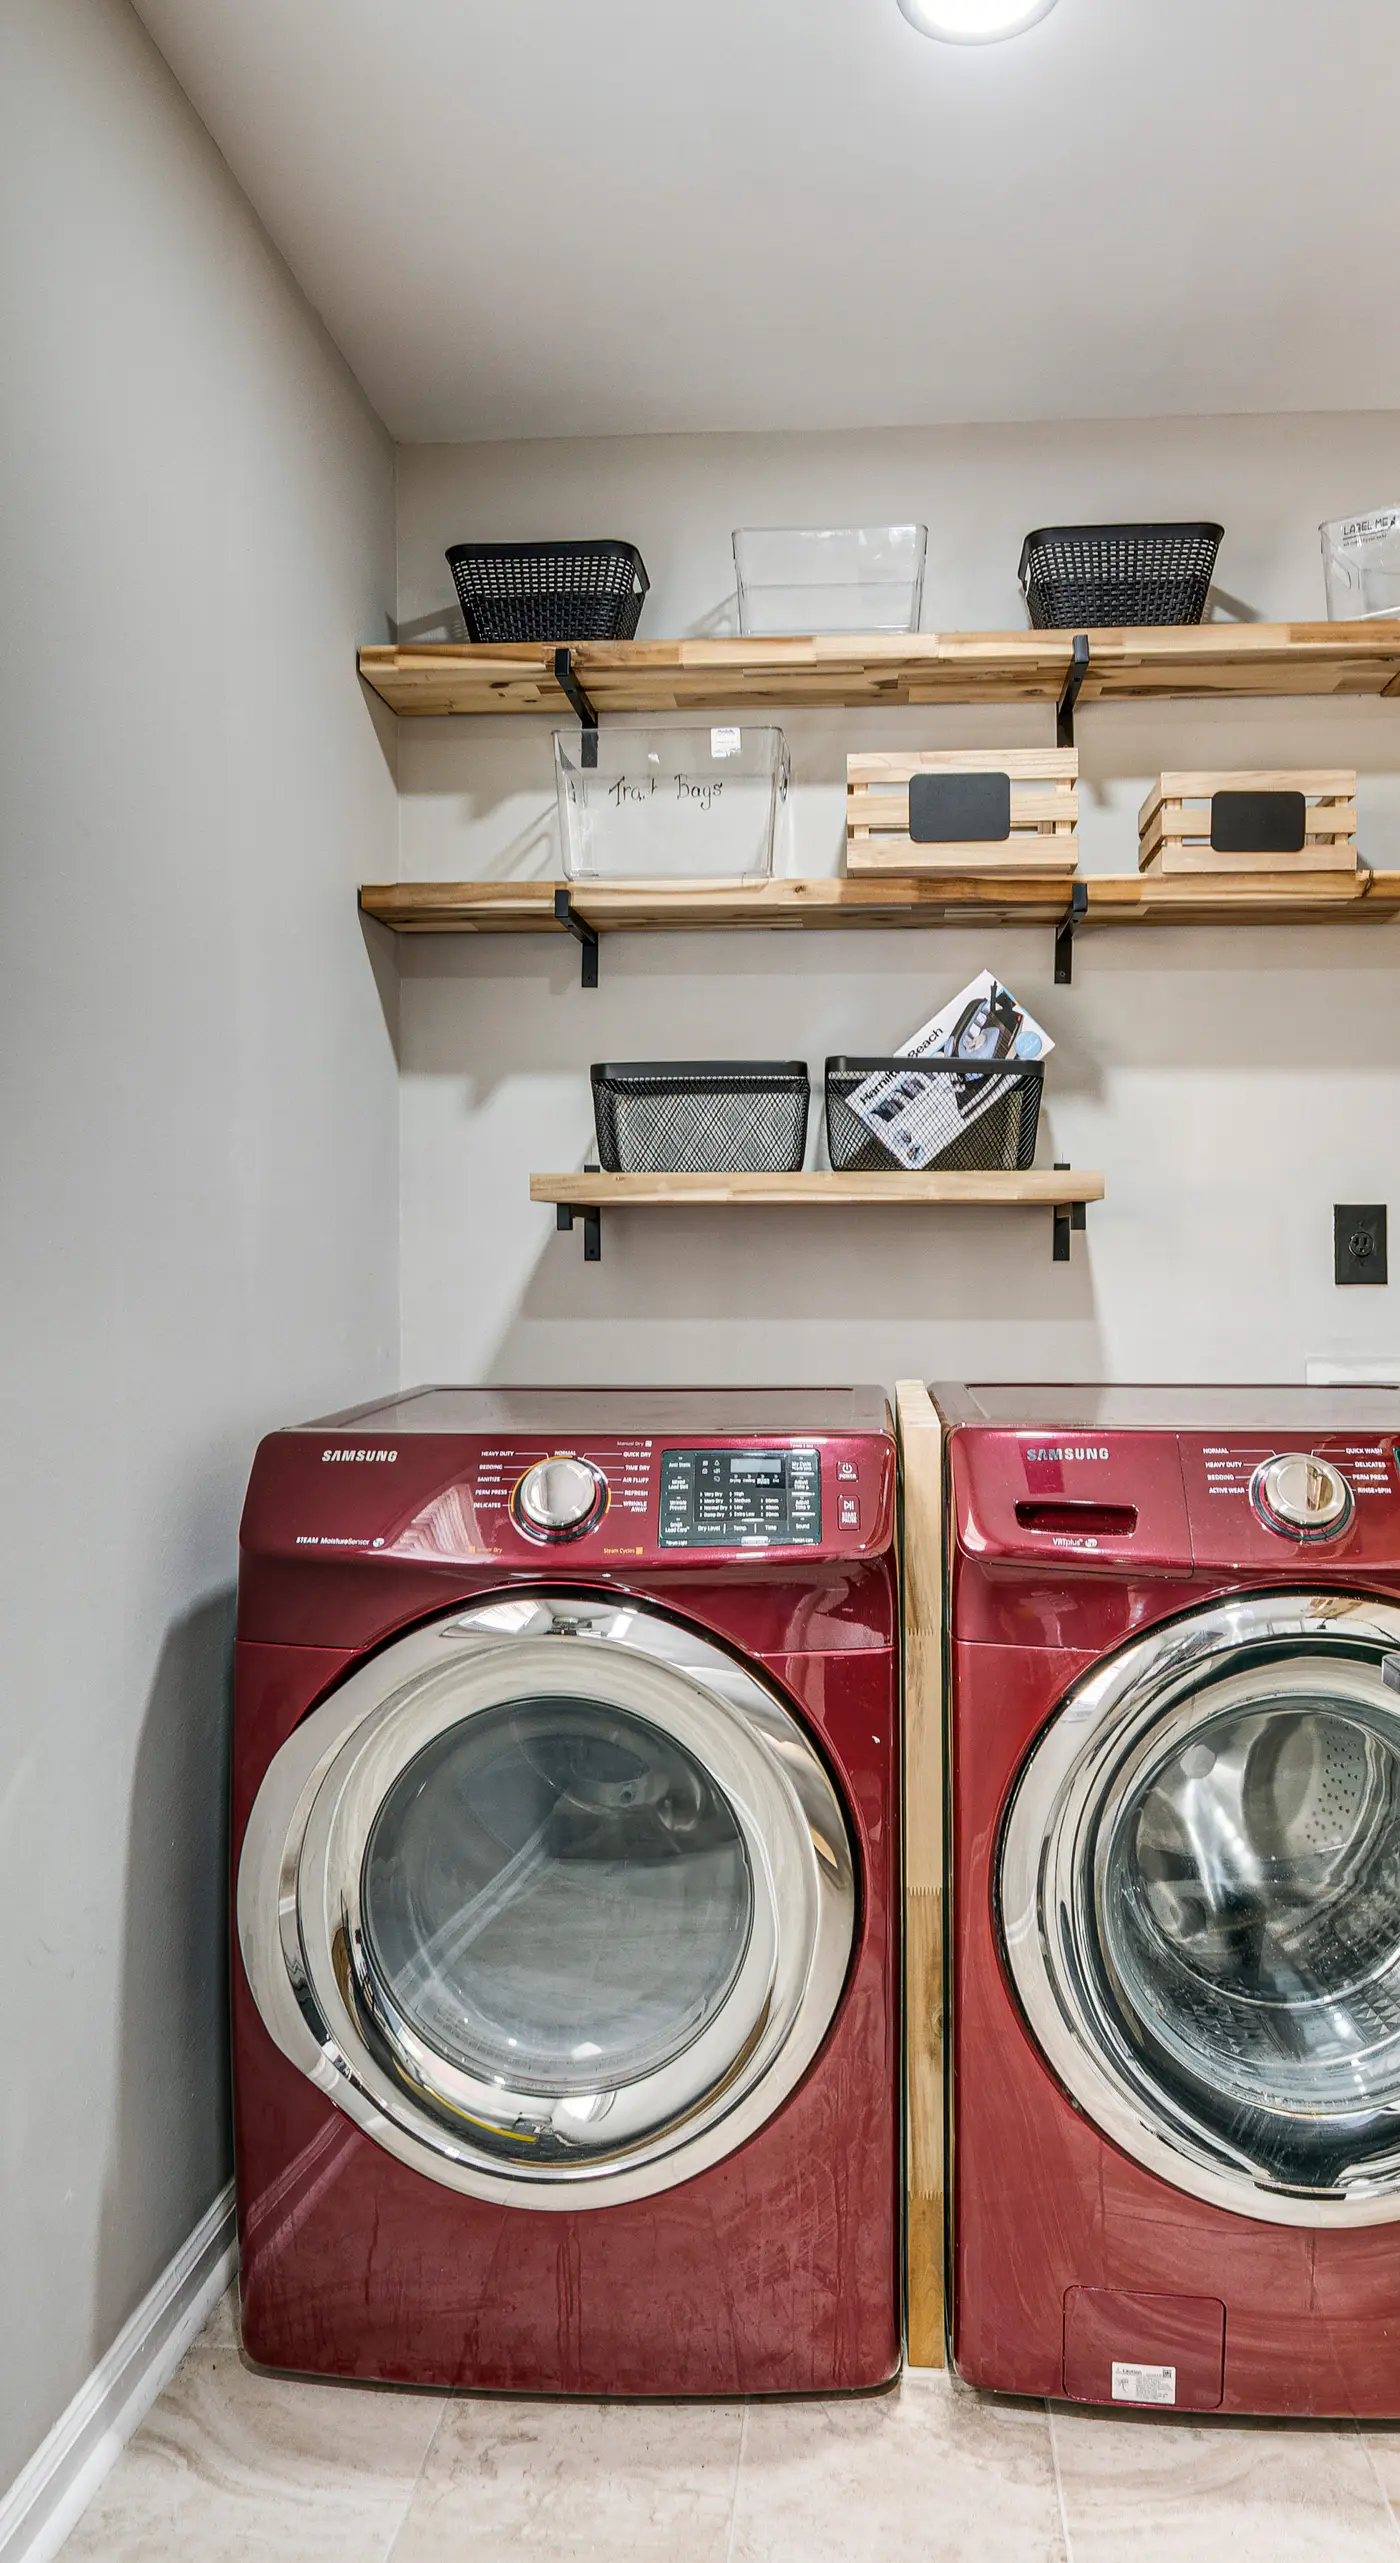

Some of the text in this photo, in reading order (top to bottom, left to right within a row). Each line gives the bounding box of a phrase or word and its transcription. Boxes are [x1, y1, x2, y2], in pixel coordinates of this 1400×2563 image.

[674, 773, 723, 811] Bags
[860, 1027, 944, 1105] Hamilt Beach
[321, 1449, 398, 1462] SAMSUNG
[1026, 1447, 1109, 1461] SAMSUNG
[296, 1536, 370, 1546] STEAM MoistureSensor

- _What you will do_
Your job is to reproduce the material exactly. Keep pictures out of it.

- _Task solution_
Some of the text in this photo, in reading order (top to bottom, left to right within a row). Each line gives the bounding box of a phrase or word and its transcription. Boxes are [x1, y1, x2, y2], in pixel coordinates of this 1400×2563 image.

[674, 773, 723, 811] Bags
[860, 1027, 944, 1105] Hamilt Beach
[321, 1449, 398, 1462] SAMSUNG
[1026, 1447, 1109, 1461] SAMSUNG
[296, 1536, 370, 1546] STEAM MoistureSensor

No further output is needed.